— TASK REQUIREMENTS —
Print every line below without adding or leaving out a single word.

○ ○ ○ ○

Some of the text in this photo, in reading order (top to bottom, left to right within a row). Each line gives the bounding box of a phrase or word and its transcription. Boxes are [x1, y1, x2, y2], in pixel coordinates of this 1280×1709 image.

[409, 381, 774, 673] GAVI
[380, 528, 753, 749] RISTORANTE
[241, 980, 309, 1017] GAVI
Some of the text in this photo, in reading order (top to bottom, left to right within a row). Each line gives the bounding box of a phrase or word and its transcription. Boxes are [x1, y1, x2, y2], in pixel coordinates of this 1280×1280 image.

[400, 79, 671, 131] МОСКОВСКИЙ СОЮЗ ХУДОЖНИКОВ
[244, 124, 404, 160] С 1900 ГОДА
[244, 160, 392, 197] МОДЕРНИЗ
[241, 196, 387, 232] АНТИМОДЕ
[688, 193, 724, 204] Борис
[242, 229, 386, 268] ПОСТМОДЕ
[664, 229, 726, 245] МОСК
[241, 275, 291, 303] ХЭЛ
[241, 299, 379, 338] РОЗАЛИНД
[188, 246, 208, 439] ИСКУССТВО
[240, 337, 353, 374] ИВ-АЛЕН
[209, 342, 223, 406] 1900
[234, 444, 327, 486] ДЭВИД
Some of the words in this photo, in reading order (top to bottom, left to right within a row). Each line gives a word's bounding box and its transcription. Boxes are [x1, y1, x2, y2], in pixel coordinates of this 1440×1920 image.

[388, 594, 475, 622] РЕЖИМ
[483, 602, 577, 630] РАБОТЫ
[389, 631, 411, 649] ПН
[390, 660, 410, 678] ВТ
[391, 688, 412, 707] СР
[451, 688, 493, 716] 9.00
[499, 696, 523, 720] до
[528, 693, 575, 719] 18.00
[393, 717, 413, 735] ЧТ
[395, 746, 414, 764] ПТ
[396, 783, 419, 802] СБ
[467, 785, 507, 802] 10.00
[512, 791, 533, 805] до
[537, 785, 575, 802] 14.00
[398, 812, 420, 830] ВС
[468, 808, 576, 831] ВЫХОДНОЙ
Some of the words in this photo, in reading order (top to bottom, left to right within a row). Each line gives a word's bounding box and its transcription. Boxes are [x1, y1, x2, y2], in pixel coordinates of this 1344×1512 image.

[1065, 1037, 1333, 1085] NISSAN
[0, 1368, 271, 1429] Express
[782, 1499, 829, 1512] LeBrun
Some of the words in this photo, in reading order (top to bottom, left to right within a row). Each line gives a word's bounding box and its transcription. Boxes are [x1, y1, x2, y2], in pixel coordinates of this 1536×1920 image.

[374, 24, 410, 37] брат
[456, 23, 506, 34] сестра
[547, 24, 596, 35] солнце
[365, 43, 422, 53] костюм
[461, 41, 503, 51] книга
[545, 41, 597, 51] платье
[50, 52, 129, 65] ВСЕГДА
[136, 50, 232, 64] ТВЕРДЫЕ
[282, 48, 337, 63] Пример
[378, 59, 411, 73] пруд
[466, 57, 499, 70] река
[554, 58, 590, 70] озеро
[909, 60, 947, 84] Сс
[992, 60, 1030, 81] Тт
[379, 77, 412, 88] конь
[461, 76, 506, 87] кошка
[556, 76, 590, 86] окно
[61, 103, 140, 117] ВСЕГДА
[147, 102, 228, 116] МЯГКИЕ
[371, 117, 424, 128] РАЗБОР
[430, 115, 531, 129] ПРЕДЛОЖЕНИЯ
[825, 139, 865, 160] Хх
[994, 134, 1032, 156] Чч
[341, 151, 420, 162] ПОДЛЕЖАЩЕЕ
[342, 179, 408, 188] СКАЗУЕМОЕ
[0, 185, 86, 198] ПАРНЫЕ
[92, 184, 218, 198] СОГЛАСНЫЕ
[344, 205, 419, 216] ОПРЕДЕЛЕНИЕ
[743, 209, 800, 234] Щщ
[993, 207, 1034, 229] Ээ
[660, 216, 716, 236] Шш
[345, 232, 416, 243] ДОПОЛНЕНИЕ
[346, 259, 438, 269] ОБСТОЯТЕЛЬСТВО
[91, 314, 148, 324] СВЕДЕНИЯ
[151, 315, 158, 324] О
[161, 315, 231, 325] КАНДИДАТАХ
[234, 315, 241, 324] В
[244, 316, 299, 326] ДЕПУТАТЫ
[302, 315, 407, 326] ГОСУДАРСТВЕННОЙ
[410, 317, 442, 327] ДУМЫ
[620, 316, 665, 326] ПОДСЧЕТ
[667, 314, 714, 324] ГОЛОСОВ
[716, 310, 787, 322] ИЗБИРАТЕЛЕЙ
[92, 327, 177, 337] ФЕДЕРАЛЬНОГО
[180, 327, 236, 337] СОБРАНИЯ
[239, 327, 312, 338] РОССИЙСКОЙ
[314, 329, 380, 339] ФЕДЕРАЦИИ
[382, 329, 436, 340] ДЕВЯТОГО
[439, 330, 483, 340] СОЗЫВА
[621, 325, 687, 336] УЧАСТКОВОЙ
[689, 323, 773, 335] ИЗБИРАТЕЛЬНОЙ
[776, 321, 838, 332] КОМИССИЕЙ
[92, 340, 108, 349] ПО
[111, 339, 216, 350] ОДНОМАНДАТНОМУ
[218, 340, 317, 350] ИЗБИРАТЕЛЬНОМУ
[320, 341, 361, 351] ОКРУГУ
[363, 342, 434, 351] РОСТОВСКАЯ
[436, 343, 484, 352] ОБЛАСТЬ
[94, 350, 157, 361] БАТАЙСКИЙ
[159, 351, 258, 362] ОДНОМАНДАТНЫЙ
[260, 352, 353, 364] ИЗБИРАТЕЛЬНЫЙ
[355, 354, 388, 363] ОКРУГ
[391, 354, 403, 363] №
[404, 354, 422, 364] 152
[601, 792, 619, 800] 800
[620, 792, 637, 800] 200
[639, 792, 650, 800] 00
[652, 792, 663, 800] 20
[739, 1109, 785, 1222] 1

○ ○ ○ ○

— ANSWER SPACE —
Some of the text in this photo, in reading order (top to bottom, left to right within a row). Each line gives the bounding box of a phrase or word and its transcription. Boxes are [x1, y1, x2, y2], in pixel coordinates of this 1280×1709 image.

[409, 381, 774, 673] GAVI
[380, 528, 753, 749] RISTORANTE
[241, 980, 309, 1017] GAVI
Some of the text in this photo, in reading order (top to bottom, left to right within a row). Each line gives the bounding box of a phrase or word and its transcription. Boxes are [x1, y1, x2, y2], in pixel coordinates of this 1280×1280 image.

[400, 79, 671, 131] МОСКОВСКИЙ СОЮЗ ХУДОЖНИКОВ
[244, 124, 404, 160] С 1900 ГОДА
[244, 160, 392, 197] МОДЕРНИЗ
[241, 196, 387, 232] АНТИМОДЕ
[688, 193, 724, 204] Борис
[242, 229, 386, 268] ПОСТМОДЕ
[664, 229, 726, 245] МОСК
[241, 275, 291, 303] ХЭЛ
[241, 299, 379, 338] РОЗАЛИНД
[188, 246, 208, 439] ИСКУССТВО
[240, 337, 353, 374] ИВ-АЛЕН
[209, 342, 223, 406] 1900
[234, 444, 327, 486] ДЭВИД
Some of the words in this photo, in reading order (top to bottom, left to right within a row). Each line gives a word's bounding box and its transcription. Boxes are [x1, y1, x2, y2], in pixel coordinates of this 1440×1920 image.

[388, 594, 475, 622] РЕЖИМ
[483, 602, 577, 630] РАБОТЫ
[389, 631, 411, 649] ПН
[390, 660, 410, 678] ВТ
[391, 688, 412, 707] СР
[451, 688, 493, 716] 9.00
[499, 696, 523, 720] до
[528, 693, 575, 719] 18.00
[393, 717, 413, 735] ЧТ
[395, 746, 414, 764] ПТ
[396, 783, 419, 802] СБ
[467, 785, 507, 802] 10.00
[512, 791, 533, 805] до
[537, 785, 575, 802] 14.00
[398, 812, 420, 830] ВС
[468, 808, 576, 831] ВЫХОДНОЙ
Some of the words in this photo, in reading order (top to bottom, left to right within a row). Each line gives a word's bounding box and its transcription. Boxes are [x1, y1, x2, y2], in pixel coordinates of this 1344×1512 image.

[1065, 1037, 1333, 1085] NISSAN
[0, 1368, 271, 1429] Express
[782, 1499, 829, 1512] LeBrun
Some of the words in this photo, in reading order (top to bottom, left to right within a row). Each line gives a word's bounding box and its transcription. Boxes are [x1, y1, x2, y2], in pixel coordinates of this 1536×1920 image.

[374, 24, 410, 37] брат
[456, 23, 506, 34] сестра
[547, 24, 596, 35] солнце
[365, 43, 422, 53] костюм
[461, 41, 503, 51] книга
[545, 41, 597, 51] платье
[50, 52, 129, 65] ВСЕГДА
[136, 50, 232, 64] ТВЕРДЫЕ
[282, 48, 337, 63] Пример
[378, 59, 411, 73] пруд
[466, 57, 499, 70] река
[554, 58, 590, 70] озеро
[909, 60, 947, 84] Сс
[992, 60, 1030, 81] Тт
[379, 77, 412, 88] конь
[461, 76, 506, 87] кошка
[556, 76, 590, 86] окно
[61, 103, 140, 117] ВСЕГДА
[147, 102, 228, 116] МЯГКИЕ
[371, 117, 424, 128] РАЗБОР
[430, 115, 531, 129] ПРЕДЛОЖЕНИЯ
[825, 139, 865, 160] Хх
[994, 134, 1032, 156] Чч
[341, 151, 420, 162] ПОДЛЕЖАЩЕЕ
[342, 179, 408, 188] СКАЗУЕМОЕ
[0, 185, 86, 198] ПАРНЫЕ
[92, 184, 218, 198] СОГЛАСНЫЕ
[344, 205, 419, 216] ОПРЕДЕЛЕНИЕ
[743, 209, 800, 234] Щщ
[993, 207, 1034, 229] Ээ
[660, 216, 716, 236] Шш
[345, 232, 416, 243] ДОПОЛНЕНИЕ
[346, 259, 438, 269] ОБСТОЯТЕЛЬСТВО
[91, 314, 148, 324] СВЕДЕНИЯ
[151, 315, 158, 324] О
[161, 315, 231, 325] КАНДИДАТАХ
[234, 315, 241, 324] В
[244, 316, 299, 326] ДЕПУТАТЫ
[302, 315, 407, 326] ГОСУДАРСТВЕННОЙ
[410, 317, 442, 327] ДУМЫ
[620, 316, 665, 326] ПОДСЧЕТ
[667, 314, 714, 324] ГОЛОСОВ
[716, 310, 787, 322] ИЗБИРАТЕЛЕЙ
[92, 327, 177, 337] ФЕДЕРАЛЬНОГО
[180, 327, 236, 337] СОБРАНИЯ
[239, 327, 312, 338] РОССИЙСКОЙ
[314, 329, 380, 339] ФЕДЕРАЦИИ
[382, 329, 436, 340] ДЕВЯТОГО
[439, 330, 483, 340] СОЗЫВА
[621, 325, 687, 336] УЧАСТКОВОЙ
[689, 323, 773, 335] ИЗБИРАТЕЛЬНОЙ
[776, 321, 838, 332] КОМИССИЕЙ
[92, 340, 108, 349] ПО
[111, 339, 216, 350] ОДНОМАНДАТНОМУ
[218, 340, 317, 350] ИЗБИРАТЕЛЬНОМУ
[320, 341, 361, 351] ОКРУГУ
[363, 342, 434, 351] РОСТОВСКАЯ
[436, 343, 484, 352] ОБЛАСТЬ
[94, 350, 157, 361] БАТАЙСКИЙ
[159, 351, 258, 362] ОДНОМАНДАТНЫЙ
[260, 352, 353, 364] ИЗБИРАТЕЛЬНЫЙ
[355, 354, 388, 363] ОКРУГ
[391, 354, 403, 363] №
[404, 354, 422, 364] 152
[601, 792, 619, 800] 800
[620, 792, 637, 800] 200
[639, 792, 650, 800] 00
[652, 792, 663, 800] 20
[739, 1109, 785, 1222] 1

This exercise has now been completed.